KATE HUDSON: That's actually funny that you say Africa because I had an experience in Africa. I was just in Africa, and I got this horrible, strange, bizarre, like hive outbreak, which was very weird, and I was a little nervous about it. I was in the middle of nowhere, way out, like near the Botswana border. And I had to go to this doctor, out at a clinic, and he hardly spoke English, and I walk in, I'm in a little bit of a panic mode. I didn't want to have something that has never happened before while I was out here. It wasn't like normal hives. It was very bizarre. And then, I'm kind of looking, and he looked at it and went, ‘Hmm, I've never seen that before,’ which is not what you want to hear. You're like, ‘Okay.’ And then he tells me what it is, gives me some like cream to put on it, and then asks to take a picture. This is something totally new. I was in panic mode, and he completely recognized me. He knew who I was coming in, and I was out in the middle of nowhere. That was kind of weird.
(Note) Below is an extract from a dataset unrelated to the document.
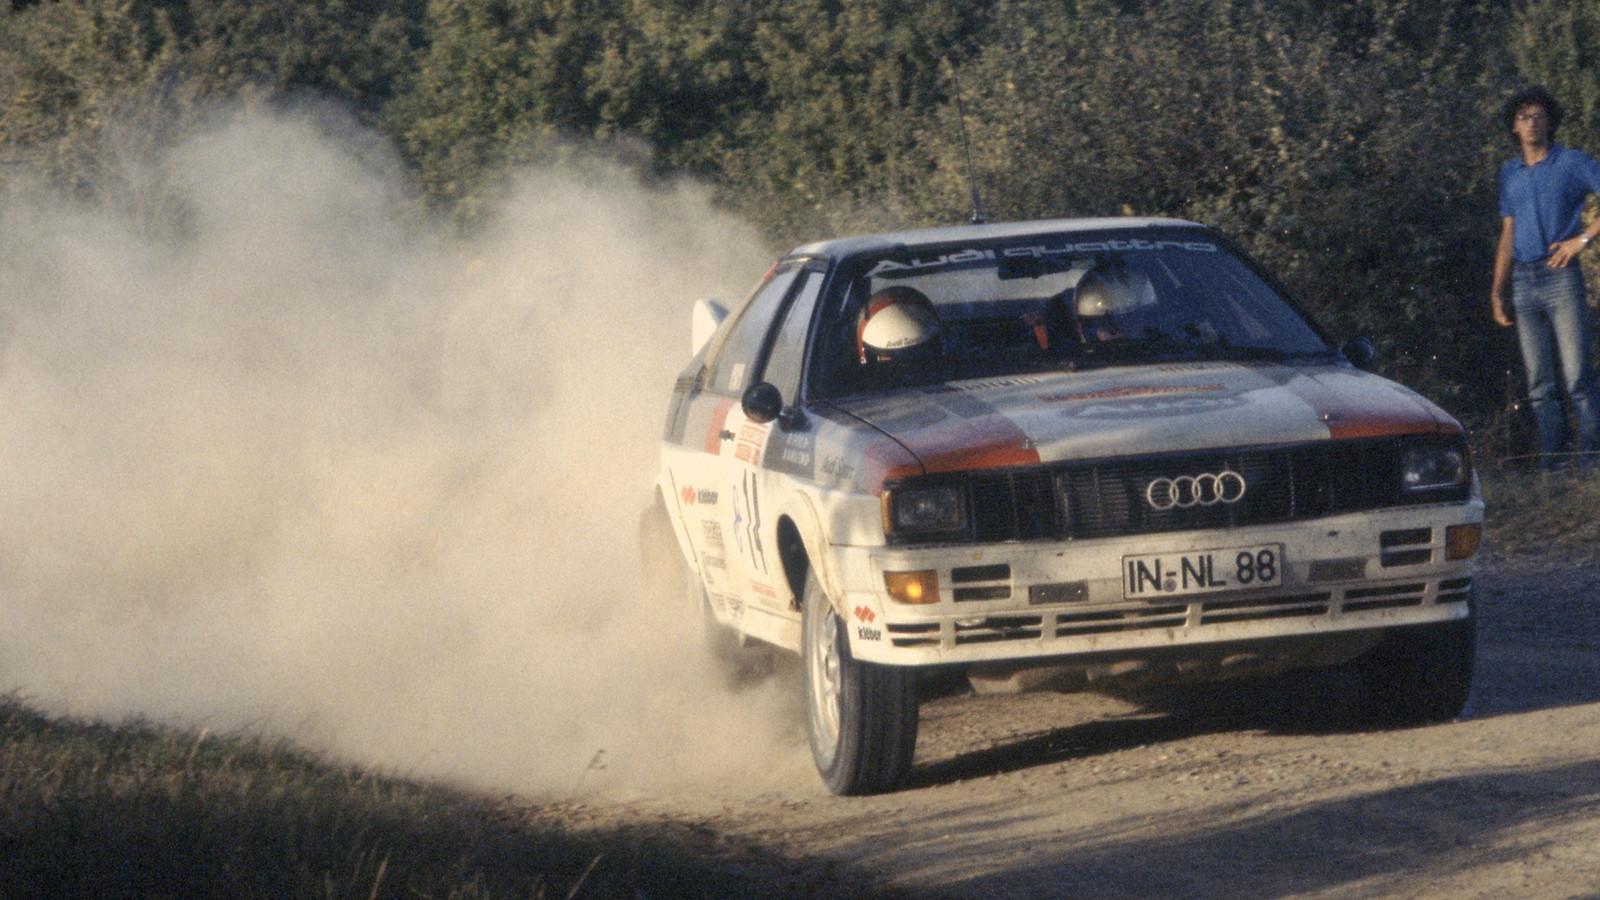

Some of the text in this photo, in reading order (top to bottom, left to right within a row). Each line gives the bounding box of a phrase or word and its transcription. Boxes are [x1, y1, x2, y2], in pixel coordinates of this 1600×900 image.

[863, 239, 1218, 278] Audi quattro
[1128, 549, 1276, 593] IN-NL 88
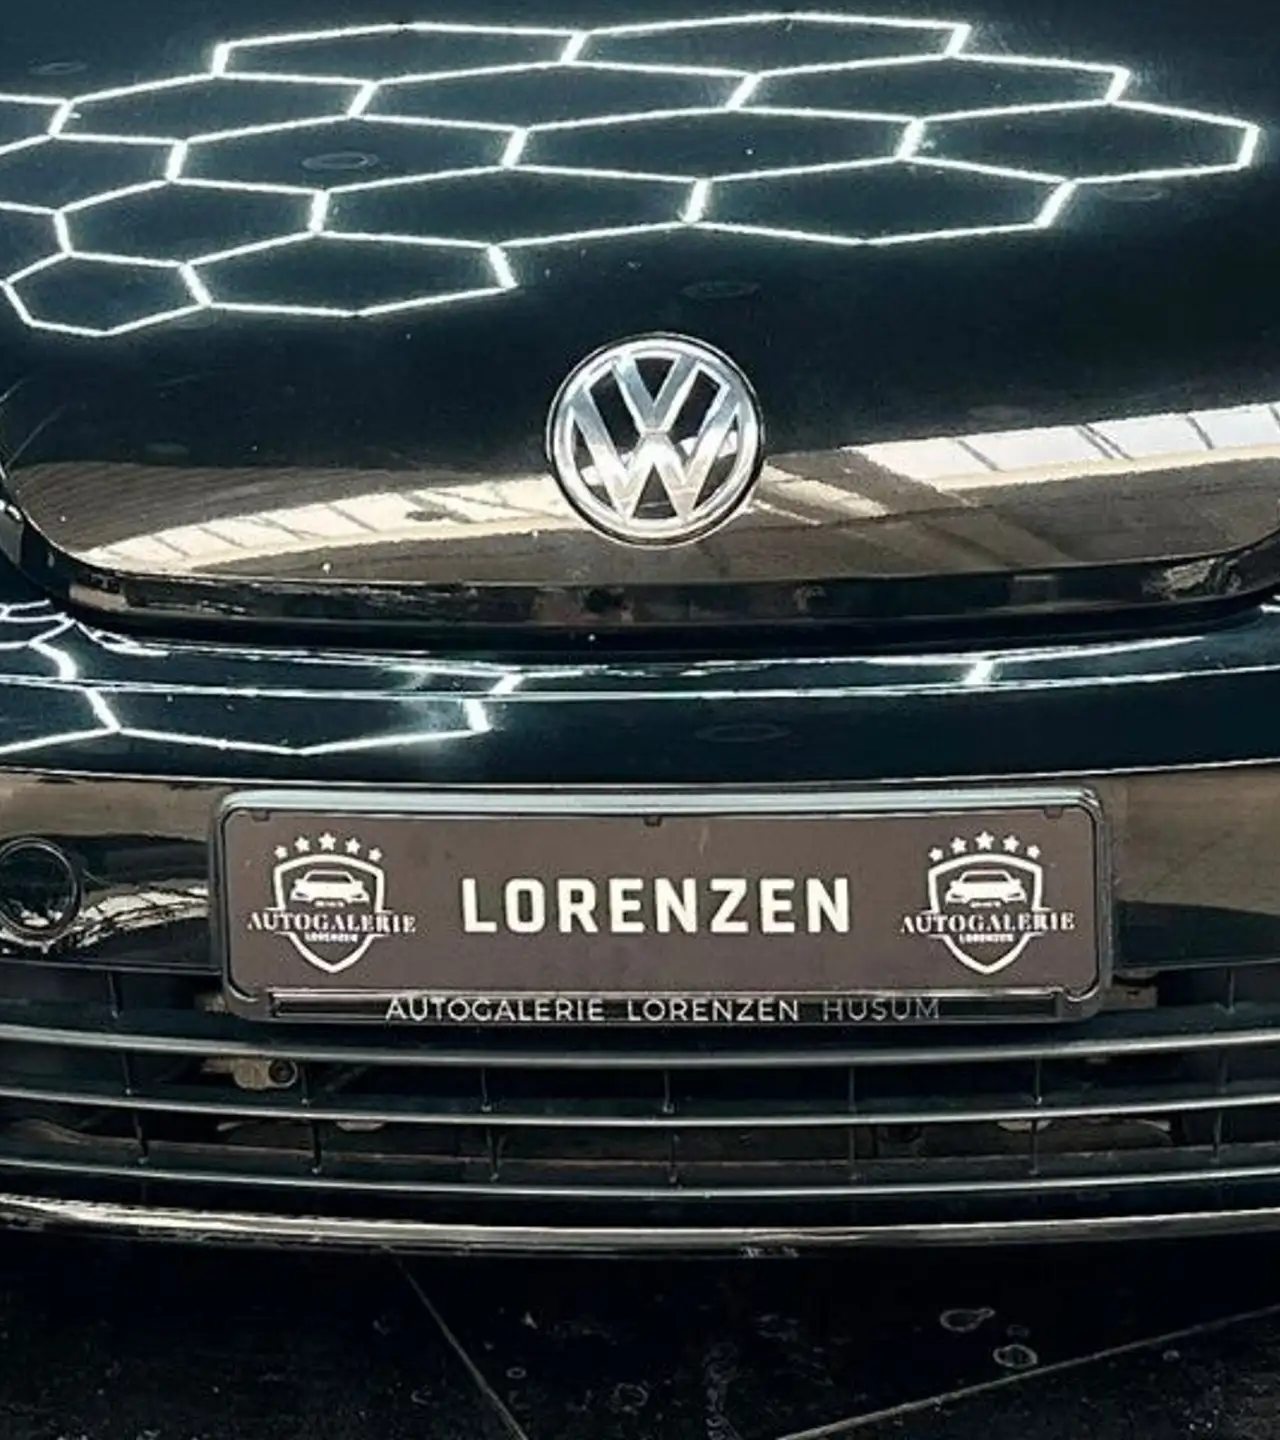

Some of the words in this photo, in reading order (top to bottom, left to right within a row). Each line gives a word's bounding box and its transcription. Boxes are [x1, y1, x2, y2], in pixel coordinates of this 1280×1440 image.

MATTHEW MCCONAUGHEY: Called his friends.

KATE HUDSON: Yeah, and I came out of the thing and his wife was there. And I took a picture with the wife.

MATTHEW MCCONAUGHEY: Take a picture. Come by the house. Have dinner.

QUESTION: You're a director now. What was that experience like?

That was great. The one thing that really changed for me, and something that Matthew always talked to me about, was, I'll never be late to a movie set again. First, I was waiting on my dad because he was having an issue with his mustache. And we're on time constraints; we only had 10-hour days because we have kids, and I'm waiting on my father. I'm just sitting there waiting. Twenty minutes go by, 30 minutes. I'm like, ‘Oh, man, I will never, ever be late to a movie set again.’

QUESTION: Matthew, how are you looking forward to being a dad?

Oh, it's been a great adventure. I've always wanted to be a father, and was just waiting for the right time. I'm with the right woman, and now it is. So, I'm excited for the new adventure.

KATE HUDSON: Don't you think women are more attracted to men with babies? I mean, when you see a little cute like dad with his baby, you're like, ‘Ooh, cute.’

MATTHEW MCCONAUGHEY: See, I think it's cool.

KATE HUDSON: That's just my girl opinion. I love seeing cute boys with their babies. It's cute.